July 23, 2017 05:29 PM

Story and photo by Ron Cioffi/USTA Southern

Chris MacDougall leads his South Carolina 5.0 men's team.

Recovering from leukemia is a challenge for anyone. For someone who is gifted enough to have a competed at a national level, it’s a long road back.

Chris MacDougall convalesced in a Duke University hospital for 100 days. During that time, he focused on his health. Also, his passion for tennis was put on hold, but only temporarily.

You have to go back to the late 1980s when MacDougall was a promising junior, working out Nick Bolletieri’s famed academy with the likes of Andre Agassi and Jim Courier. From there he went out on the USTA Pro Circuit, with limited results.

“I was good but not good enough,” he said while keeping his eye on his team he captains, the 5.0 men from South Carolina.

MacDougall said he realized that pro tennis may be beyond his reach and reevaluated his goals. He went on to play at the University of New Mexico, which led him to his now home state of South Carolina. He also served as a assistant women’s tennis coach at the University of South Carolina. He now works in health services sales.

MacDougall turned his attention to playing in adult tournaments. He was a finalist at 5.0 and 5.5 Category II Nationals (2014 and 2015) in Palm Springs Calif. He’s won amassed two silver balls, emblematic of being a runner-up in a USTA championship, along with three bronze balls.

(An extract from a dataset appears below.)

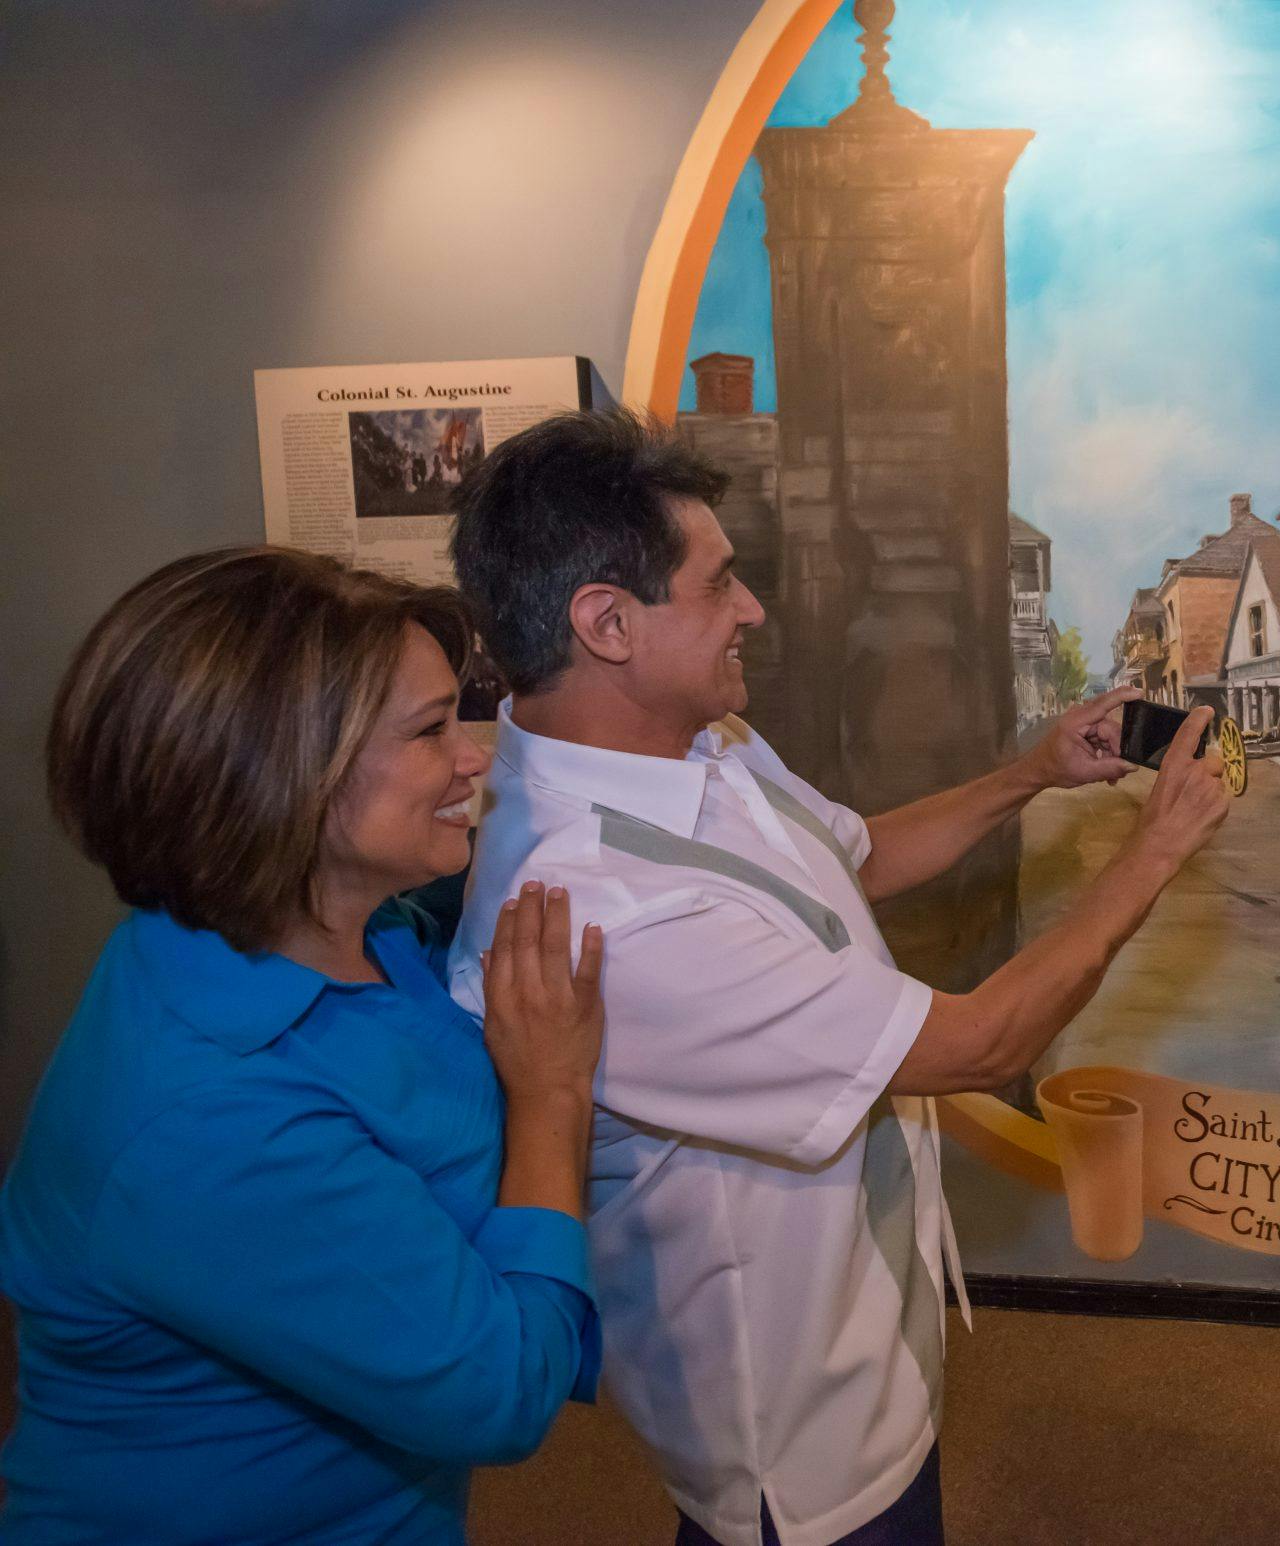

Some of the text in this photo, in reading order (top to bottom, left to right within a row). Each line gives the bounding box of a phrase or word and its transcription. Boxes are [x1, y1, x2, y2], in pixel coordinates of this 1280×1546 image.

[316, 382, 512, 402] Colonial St. Augustine
[1173, 1091, 1274, 1143] Saint

His ability to compete started to deteriorate in 2010. “I was playing but I was totally exhausted,” he explained. He was diagnosed with leukemia.

August third is my 6 year anniversary post transplant and doing great. 

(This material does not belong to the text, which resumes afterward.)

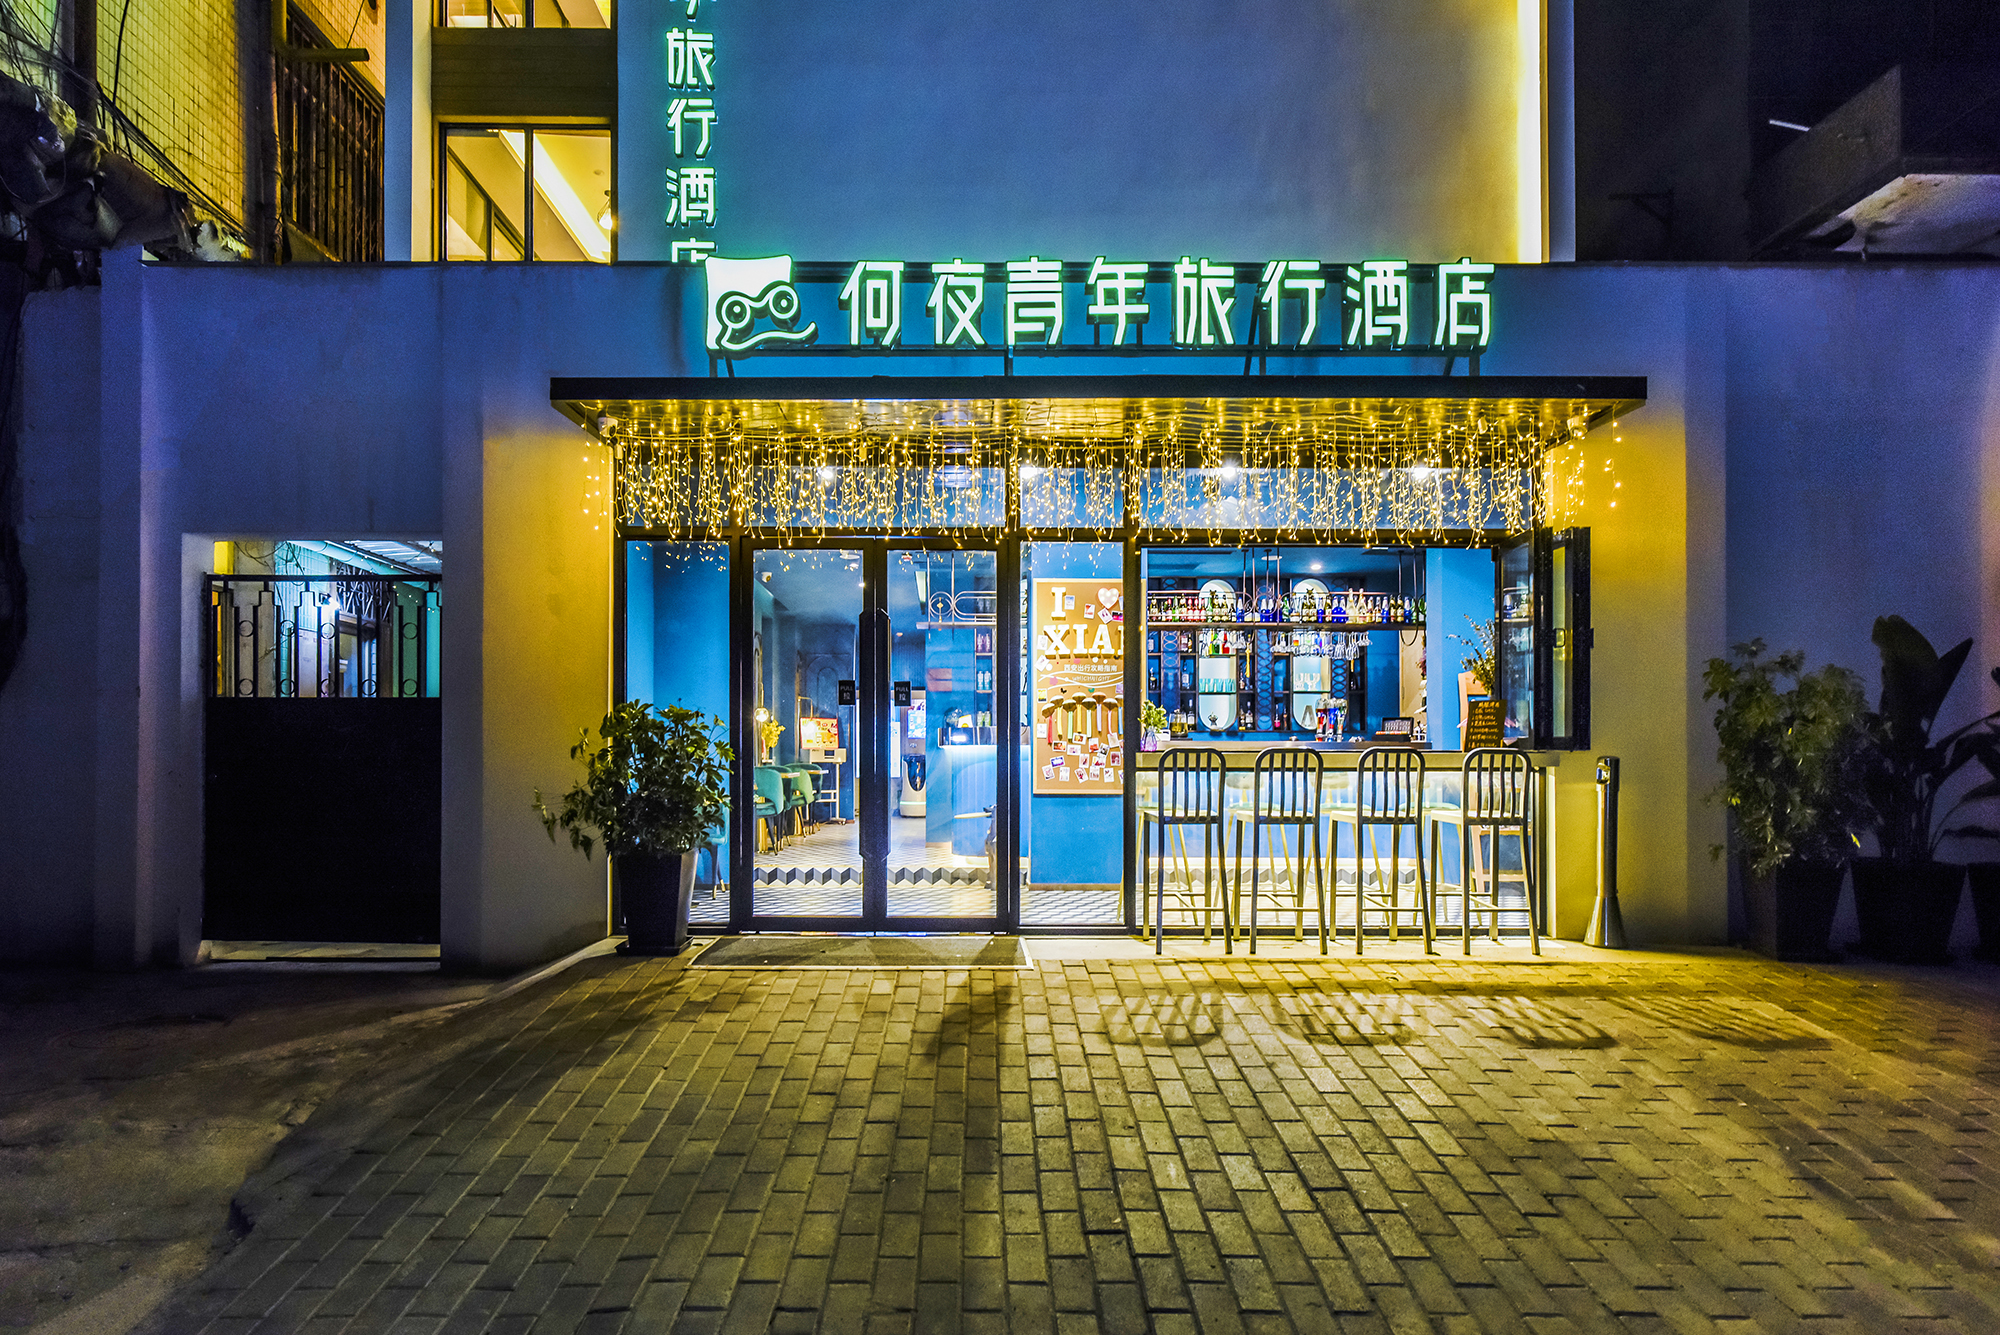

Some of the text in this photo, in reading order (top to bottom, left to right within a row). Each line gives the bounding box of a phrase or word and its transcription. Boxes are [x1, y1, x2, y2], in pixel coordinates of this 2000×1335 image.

[839, 257, 1496, 347] 何夜青年旅行酒店
[1051, 587, 1066, 619] I
[1064, 664, 1118, 672] 西安出行攻略指南

MacDougall added, “I had a bone marrow transplant. That gave me a new blood type.”

The transplant led to the 100 days of confinement in the Duke hospital. “I just wanted to get back on the tennis court. I even played with a port in my chest.”

It was a slow grind of two years to get him back to his competitive level. Next week, he will celebrate six years of improved health since the transplant.

“I always thought I would be back and playing well.” Now MacDougall is captaining his second USTA League team after one stint in 2009. Now he is proud to have made the trip to these sectional championships.